# Collected data:
########

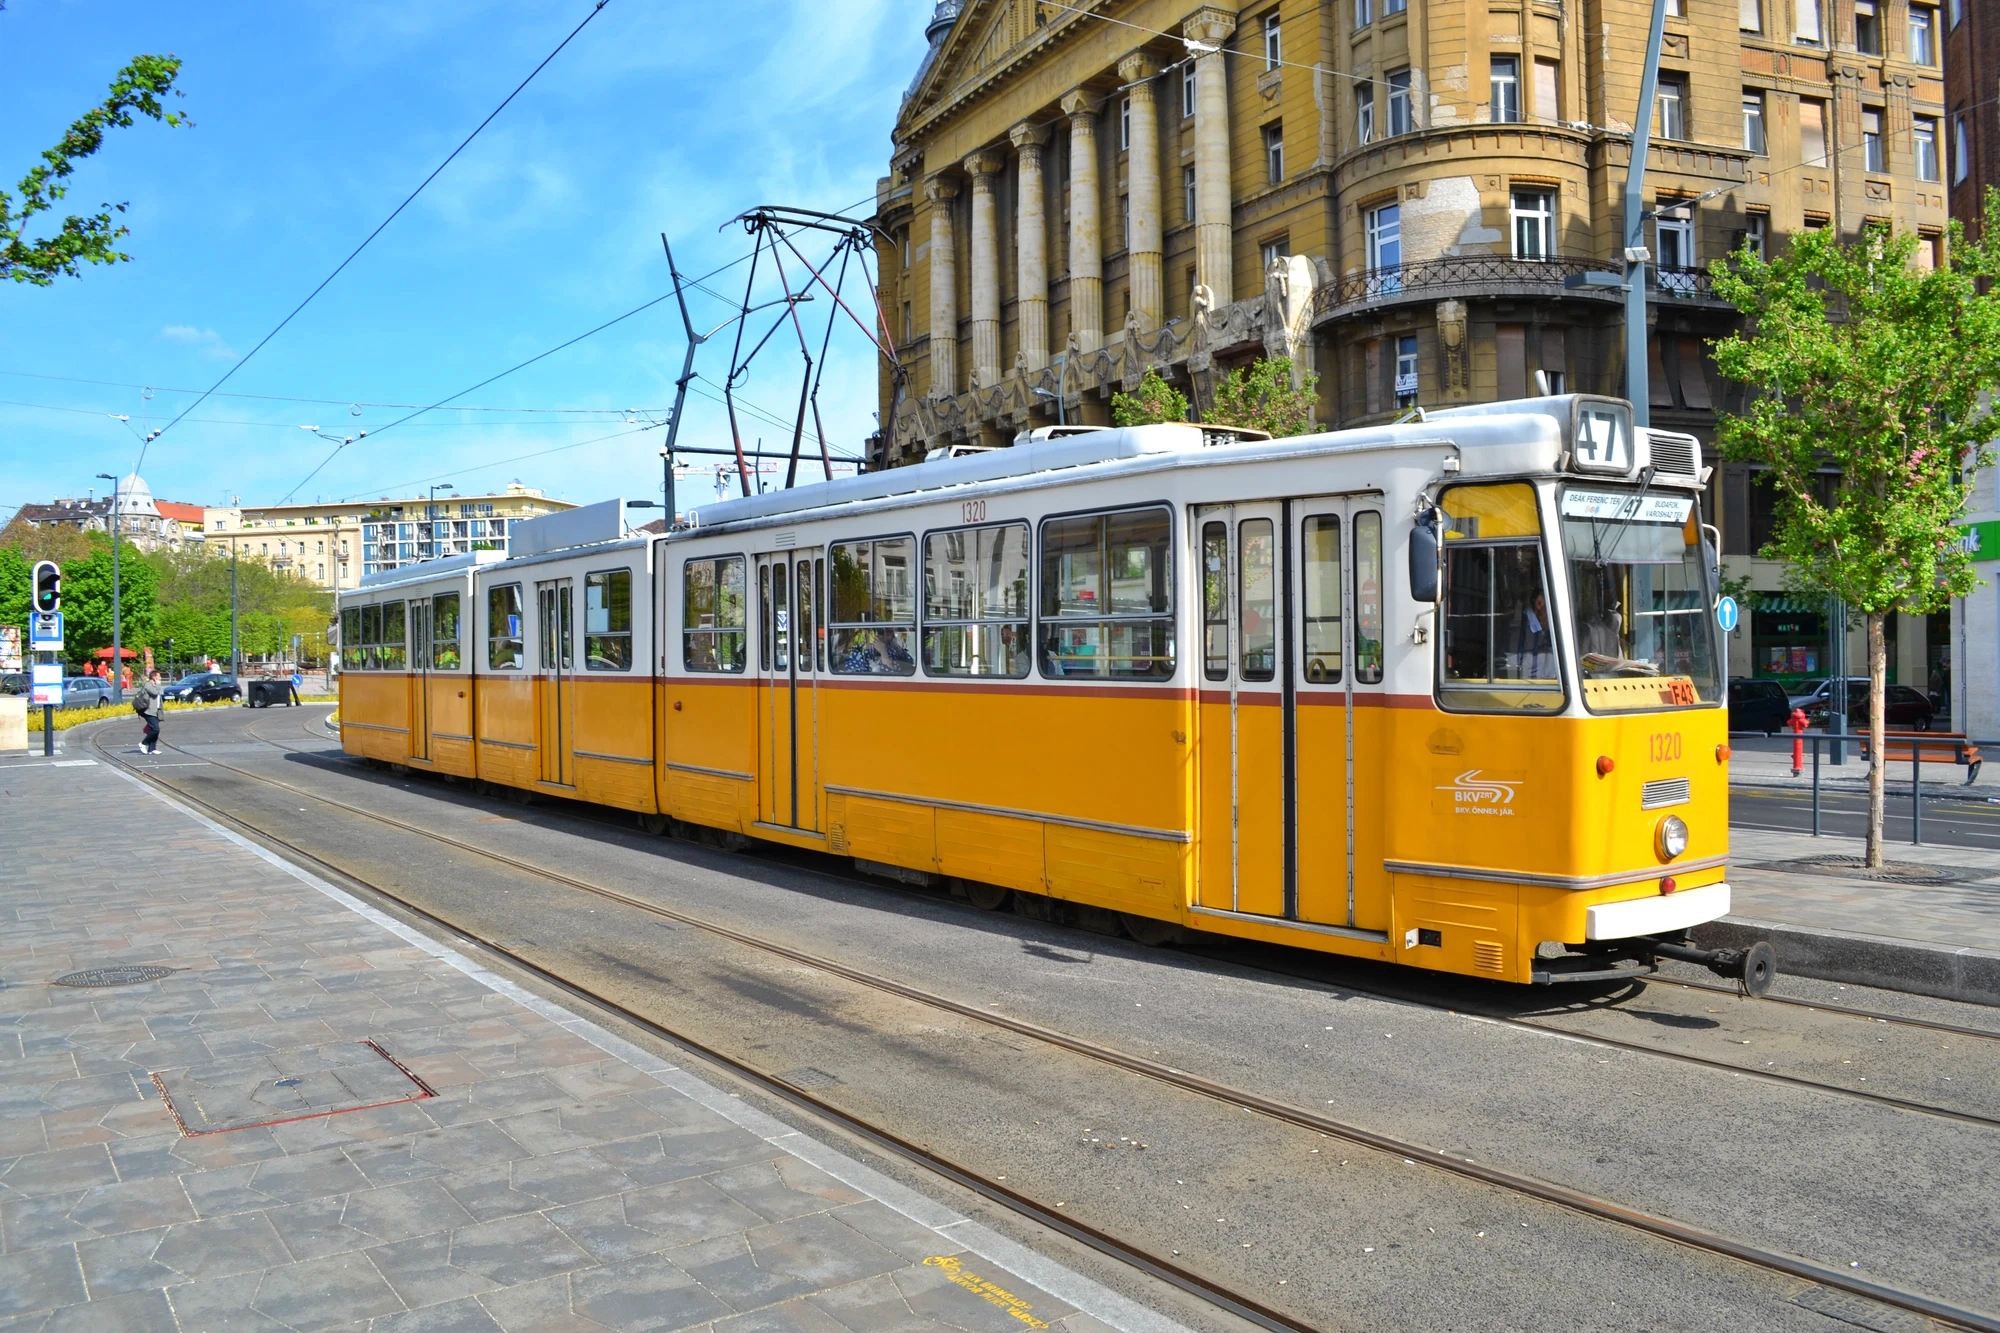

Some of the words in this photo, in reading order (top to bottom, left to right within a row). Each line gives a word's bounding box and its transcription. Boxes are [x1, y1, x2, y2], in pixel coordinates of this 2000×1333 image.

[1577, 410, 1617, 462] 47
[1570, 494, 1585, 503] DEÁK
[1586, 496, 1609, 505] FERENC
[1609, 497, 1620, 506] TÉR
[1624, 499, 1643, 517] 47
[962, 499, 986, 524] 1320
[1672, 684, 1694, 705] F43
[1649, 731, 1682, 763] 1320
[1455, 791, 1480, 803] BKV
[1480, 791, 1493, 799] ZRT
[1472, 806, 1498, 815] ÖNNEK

########

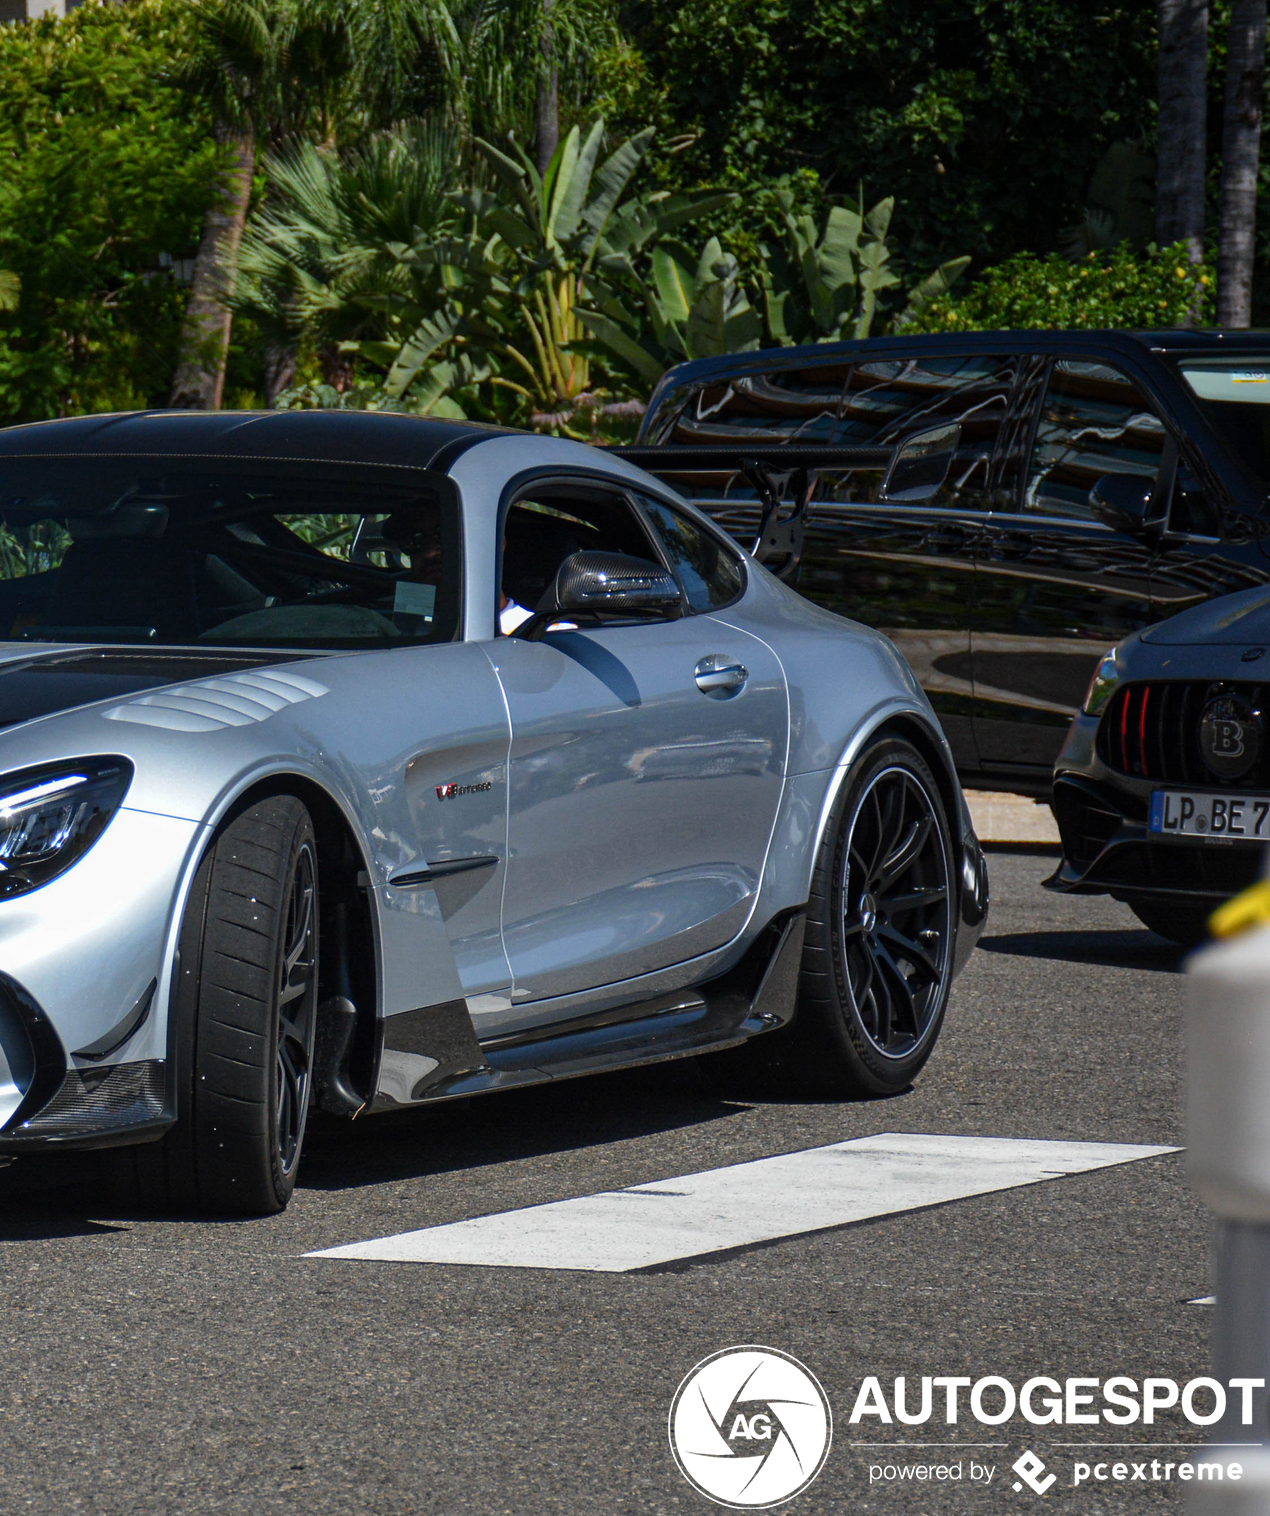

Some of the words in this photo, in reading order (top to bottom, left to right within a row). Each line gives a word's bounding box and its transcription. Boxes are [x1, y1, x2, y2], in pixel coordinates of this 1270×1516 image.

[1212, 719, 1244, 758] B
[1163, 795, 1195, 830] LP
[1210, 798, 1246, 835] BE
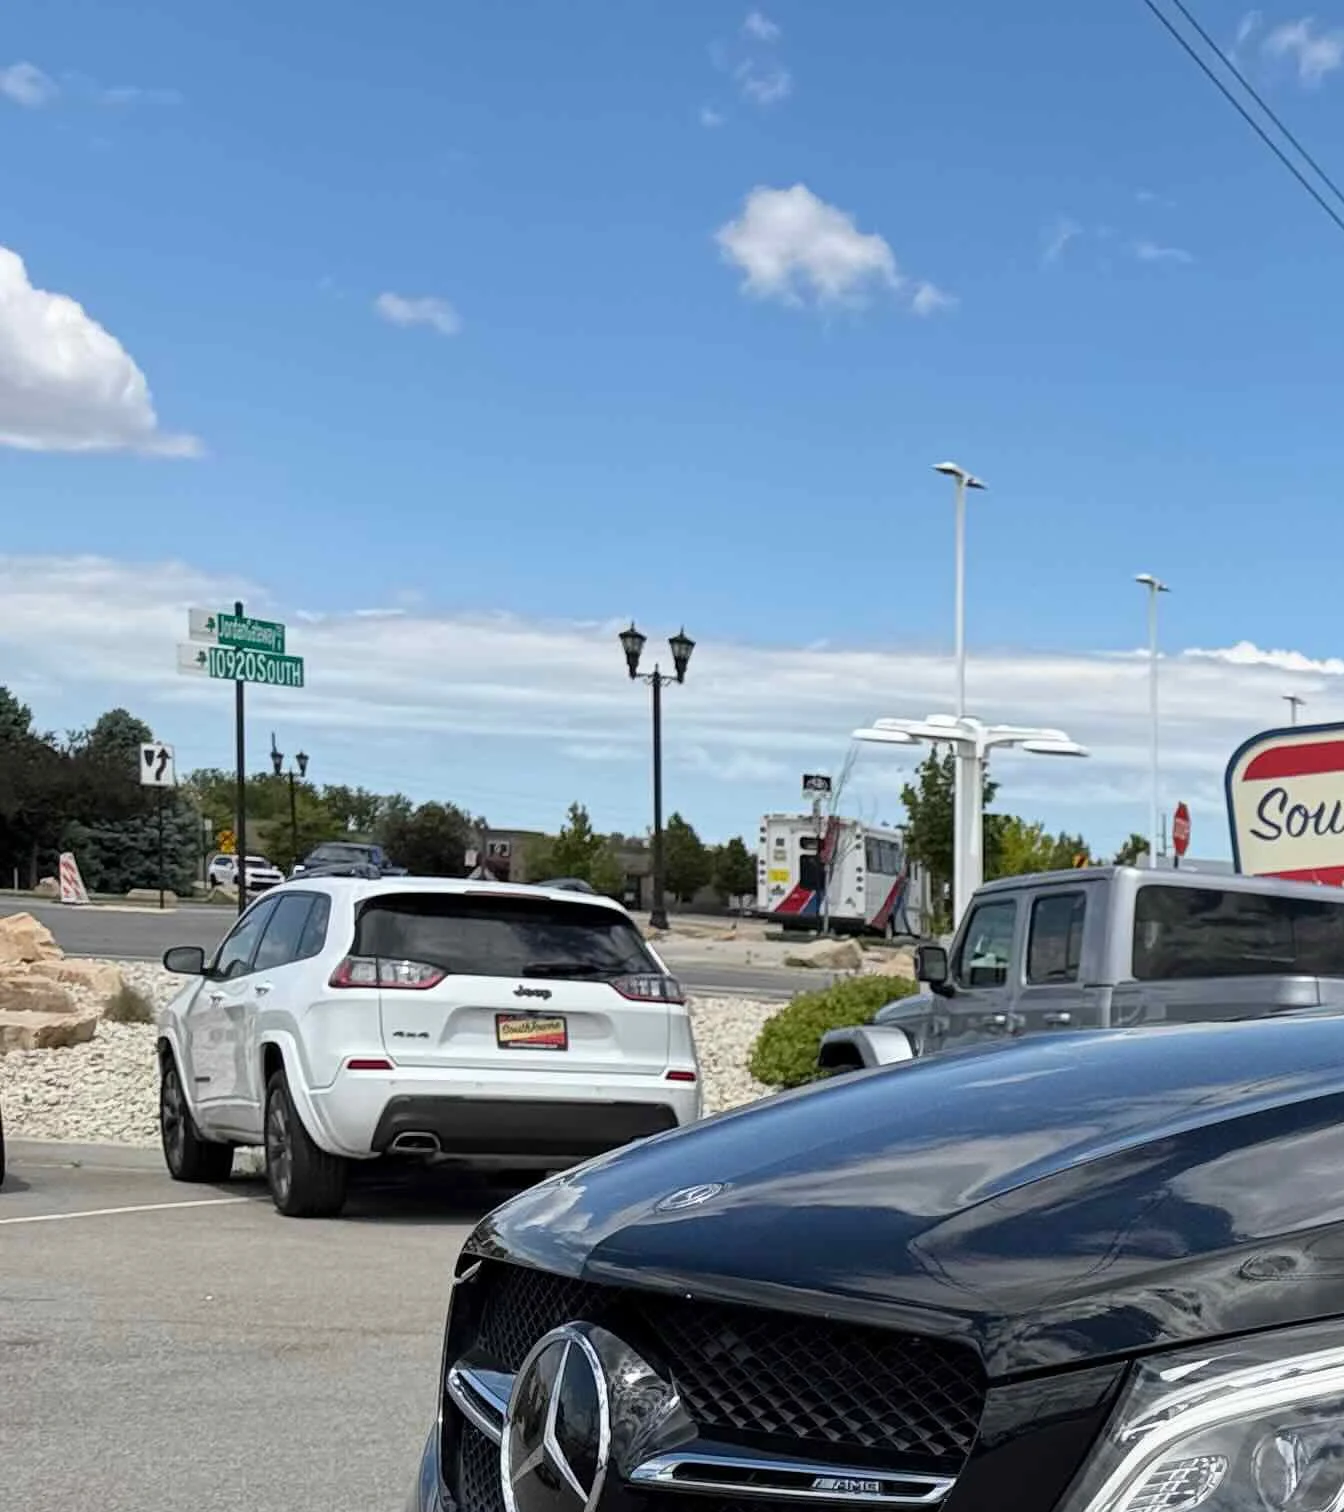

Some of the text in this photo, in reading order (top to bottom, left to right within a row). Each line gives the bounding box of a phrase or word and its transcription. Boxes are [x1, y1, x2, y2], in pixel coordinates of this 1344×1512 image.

########

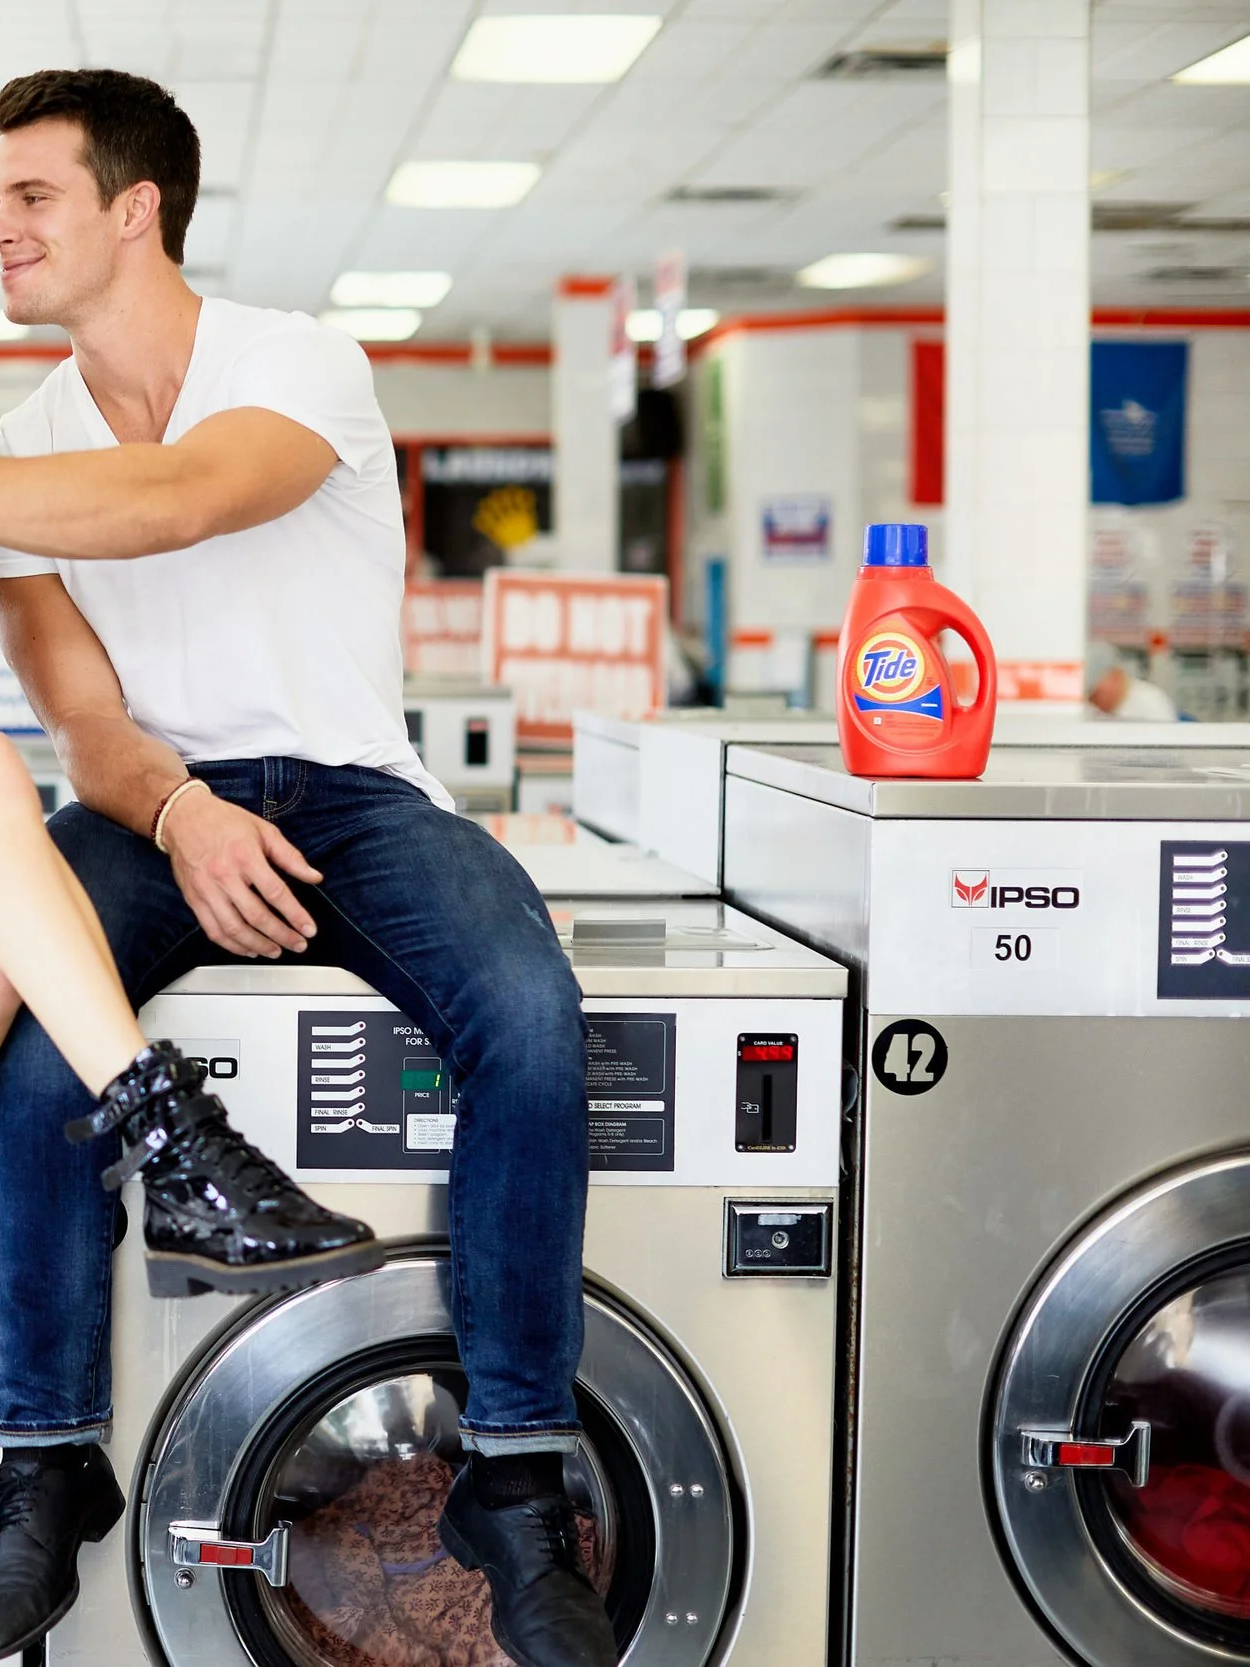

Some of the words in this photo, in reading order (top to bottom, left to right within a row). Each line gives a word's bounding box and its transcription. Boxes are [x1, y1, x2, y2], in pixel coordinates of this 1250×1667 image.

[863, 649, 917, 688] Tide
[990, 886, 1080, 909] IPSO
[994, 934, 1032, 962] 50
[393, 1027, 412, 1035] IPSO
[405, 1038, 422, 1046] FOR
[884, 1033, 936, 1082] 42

########

# About this task:
Although pictures appear among the entries, please set down only the lines from the one with "this 1270×1516 image." up to and including the one with "Some of the text", word for word.

# Solution:
Some of the words in this photo, in reading order (top to bottom, left to right within a row). Each line gives a word's bounding box and its transcription. Boxes are [x1, y1, x2, y2], in pixel coordinates of this 1270×1516 image.

[1212, 719, 1244, 758] B
[1163, 795, 1195, 830] LP
[1210, 798, 1246, 835] BE

Some of the text in this photo, in reading order (top to bottom, left to right within a row). Each line gives the bounding box of a phrase or word and its transcription. Boxes are [x1, y1, x2, y2], in pixel coordinates of this 1344×1512 image.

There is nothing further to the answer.